But for once Pisander's heart was wiser than his head, and he only tossed Artemisia an enormous Persian peach, at which, when she sampled the gift, she made peace at once, and forever after held Pisander in her toils as a devoted servant.

But Agias was soon gone; and Artemisia spent the rest of the morning and the whole of the afternoon in that very satisfactory Elysium of Syrian pears and honey-apples which Semiramis and Arsinoë supplied in full measure, with Pisander to sit by, and stare, boylike, at her clear, fair profile, and cast jealous glances at Iasus when that young man ventured to utilize his opportunity for a like advantage. Many of the servants had gone with Valeria, and the others readily agreed to preserve secrecy in a matter in which their former fellow-slave and favourite had so much at stake. So the day passed, and no one came to disturb her; and just as the shadows were falling Agias knocked at the garden gate.

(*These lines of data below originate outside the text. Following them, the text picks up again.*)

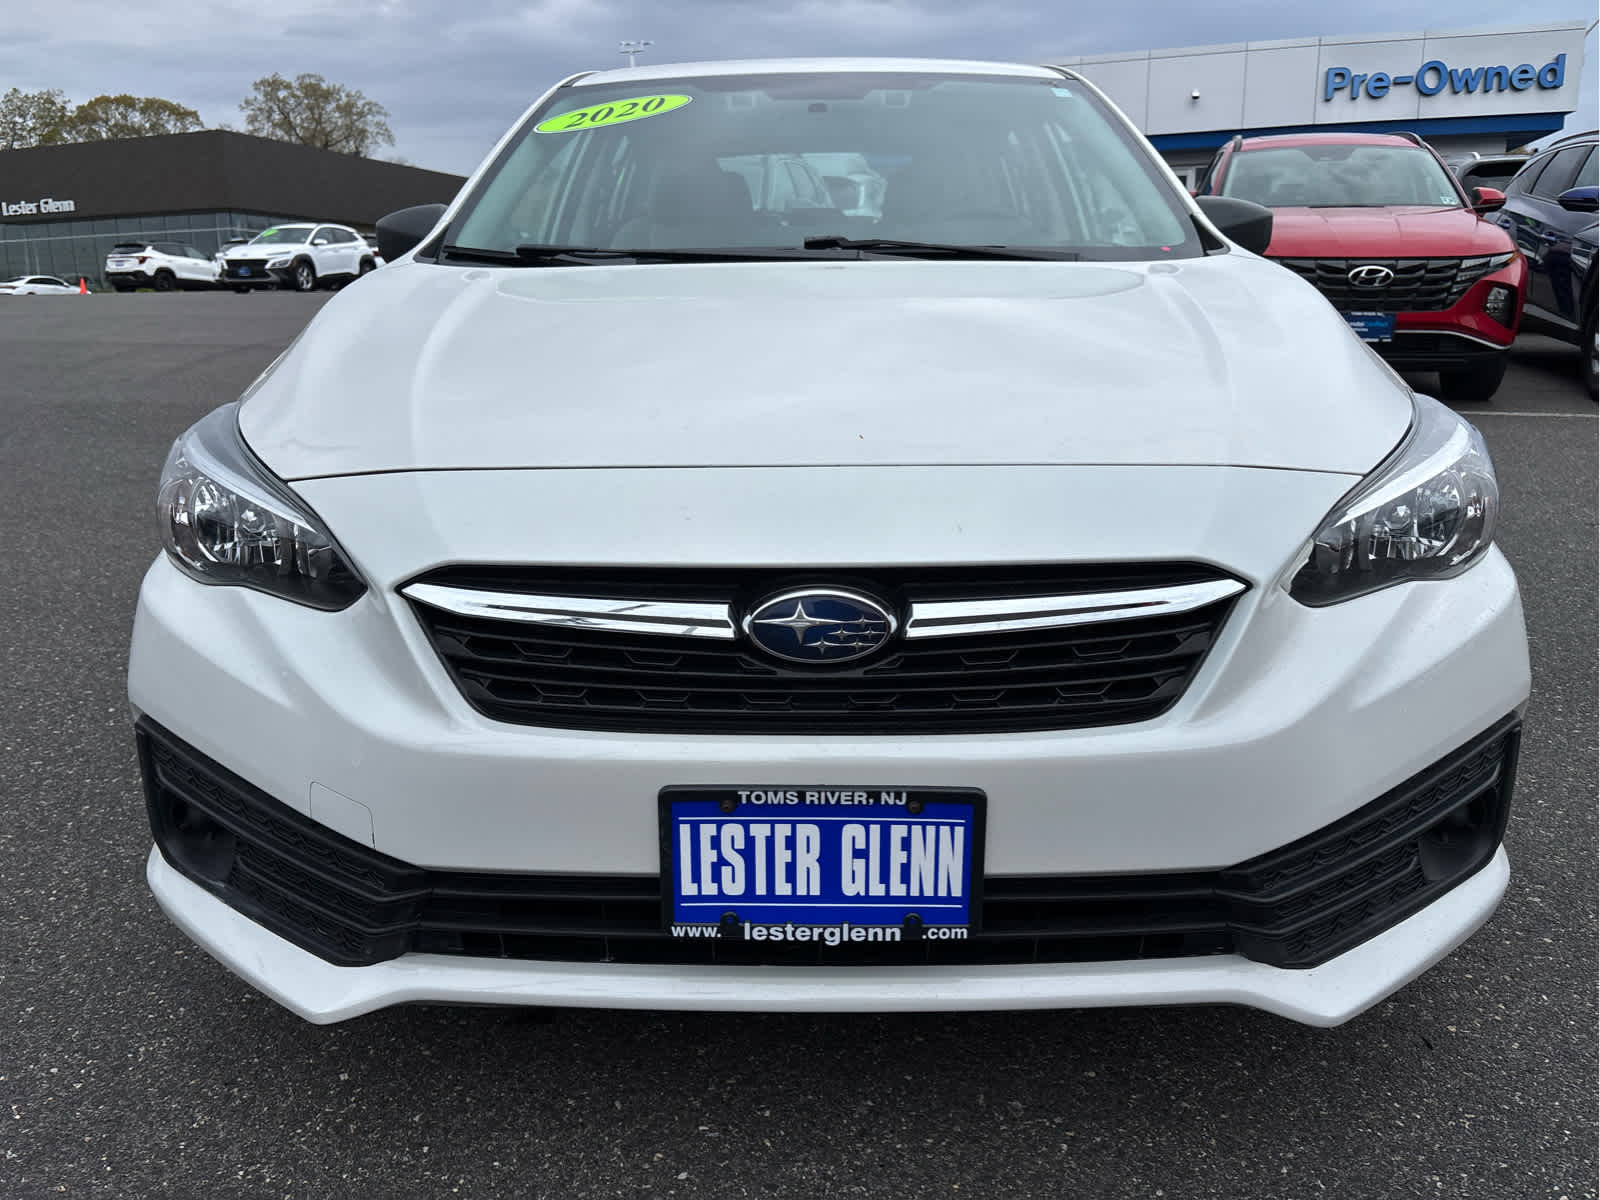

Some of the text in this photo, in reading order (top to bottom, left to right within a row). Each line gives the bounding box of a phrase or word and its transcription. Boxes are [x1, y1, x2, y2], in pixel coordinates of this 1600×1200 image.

[1324, 53, 1567, 102] Pre-Owned
[563, 97, 666, 129] 2020
[1, 200, 39, 216] Lester
[738, 791, 907, 806] TOMS RIVER, NJ
[679, 823, 965, 897] LESTER GLENN
[744, 922, 901, 946] lesterglenn

"St!" were his words, "I have hired a gig which will carry us both. Pratinas is loose and has been raising heaven and earth to get at us. There is a crier going the rounds of the Forum offering a thousand sesterces for the return of Artemisia. Pratinas has gone before the triumviri capitales[130] and obtained from them an order on the apparitores[131] to track down the runaway and her abettor."

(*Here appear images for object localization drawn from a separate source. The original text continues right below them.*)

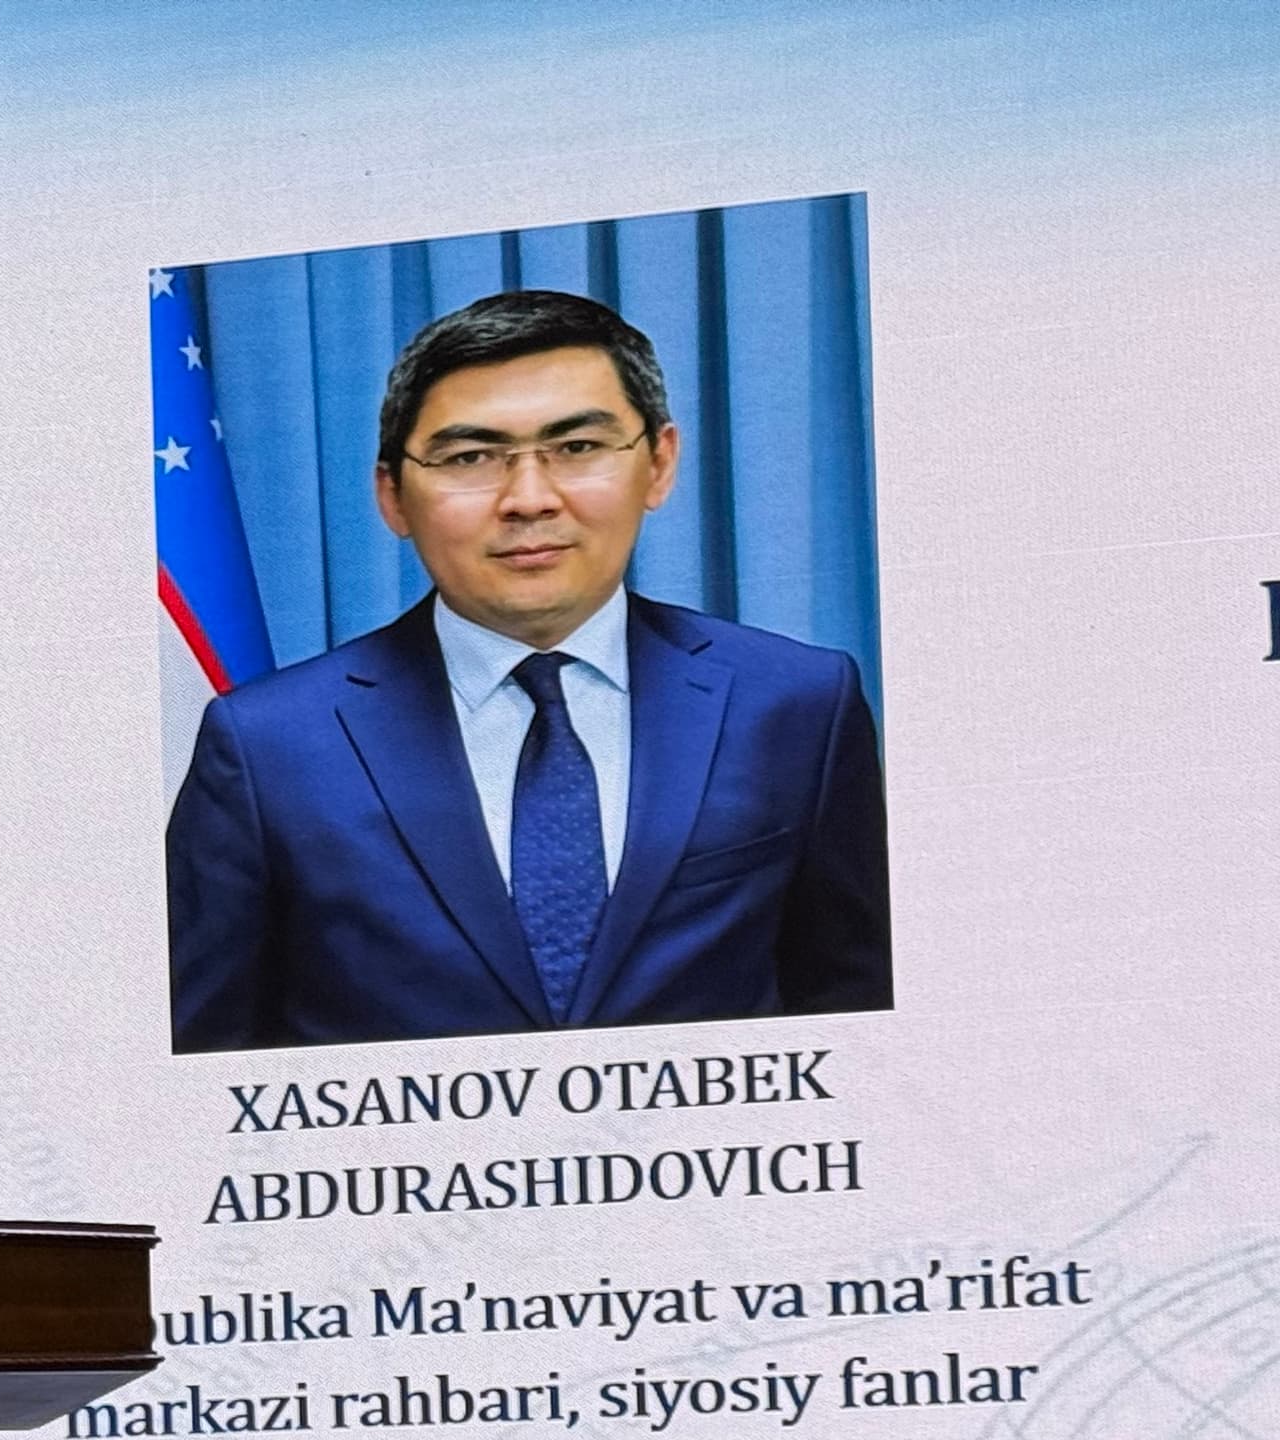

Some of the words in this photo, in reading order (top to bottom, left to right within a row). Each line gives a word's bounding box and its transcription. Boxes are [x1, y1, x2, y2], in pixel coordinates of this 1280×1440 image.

[227, 1069, 539, 1134] XASANOV
[557, 1049, 836, 1115] OTABEK
[202, 1139, 864, 1224] ABDURASHIDOVICH
[371, 1278, 717, 1341] Ma’naviyat
[731, 1284, 805, 1320] va
[826, 1256, 1093, 1315] ma’rifat
[66, 1383, 313, 1440] markazi
[331, 1372, 580, 1430] rahbari,
[599, 1364, 822, 1431] siyosiy
[838, 1353, 1039, 1409] fanlar
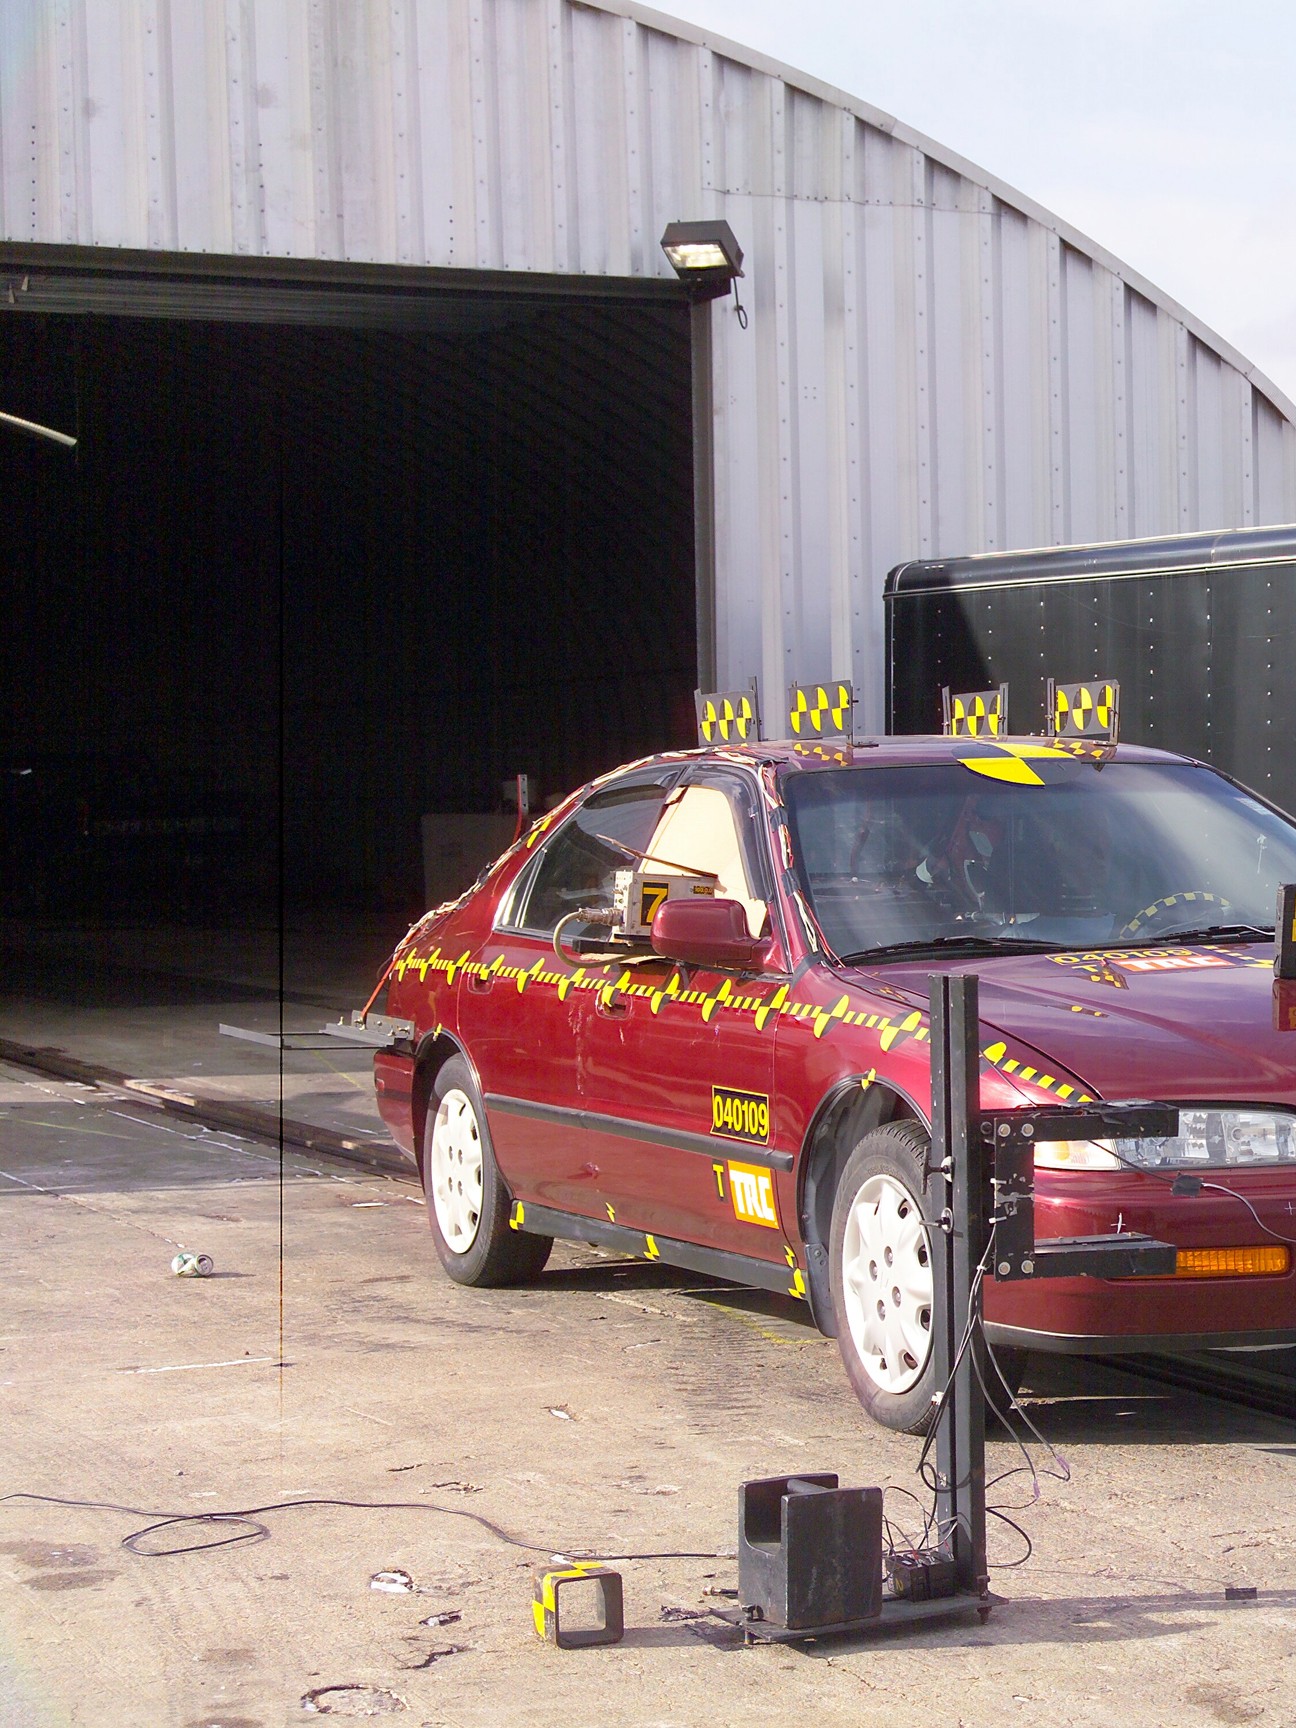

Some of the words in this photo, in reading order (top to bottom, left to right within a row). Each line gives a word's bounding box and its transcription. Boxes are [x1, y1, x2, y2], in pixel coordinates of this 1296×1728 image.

[642, 887, 669, 923] 7
[1053, 949, 1193, 965] 040109
[1118, 956, 1227, 971] TRC
[713, 1094, 769, 1137] 040109
[712, 1163, 725, 1198] T
[729, 1169, 775, 1222] TRC

"Eho!" cried Pisander, "then you'd better leave your treasure here awhile, for us to take care of."

"Not at all," replied Agias; "I could have taken her out of the city at once, but in the daytime we should have been certainly noticed and subsequently tracked. No one will imagine Artemisia is here—at least for a while. But this is a large familia; all may be my friends, but all may not have prudent tongues in their heads. The reward is large, and perhaps some will be tempted;" he glanced at Iasus, who, to do him justice, had never thought of a second deed of baseness. "I cannot risk that. No, Artemisia goes out of the city to-night, and she must get ready without the least delay."

Artemisia, who was charmed with her present surroundings and adulation, demurred at leaving her entertainers; but Agias was imperative, and the others realized well enough that there was not much time to be lost. Agias, however, waited until it had become tolerably dark before starting. Meantime, he proceeded to make certain changes of his own and Artemisia's costume that indicated the rather serious character of the risk he was preparing to run. For himself he put on a very full and flowing crimson evening dress, as if he were proceeding to a dinner-party; he piled a dozen odd rings upon his fingers, and laughingly asked Semiramis to arrange his hair for him in the most fashionable style, and anoint it heavily with Valeria's most pungent perfumes. At the same time, Arsinoë was quite transforming Artemisia. Valeria's cosmetic vials were for once put into play for a purpose, and when Artemisia reappeared from the dressing-room after her treatment, Agias saw before him no longer a fair-skinned little Greek, but a small, slender, but certainly very handsome Egyptian serving-lad, with bronzed skin, conspicuous carmine lips, and features that Arsinoë's paint and pencils had coarsened and exaggerated. Fortunately, the classic costume both for men and women was so essentially alike, that Artemisia did not have to undergo that mortification from a change of clothes which might have befallen one at the present day in a like predicament. Her not very long black hair was loose, and shaken over her shoulders. Agias had brought for her a short, variegated lacerna[132] which answered well enough as the habit of a boy-valet who was on good terms with his master.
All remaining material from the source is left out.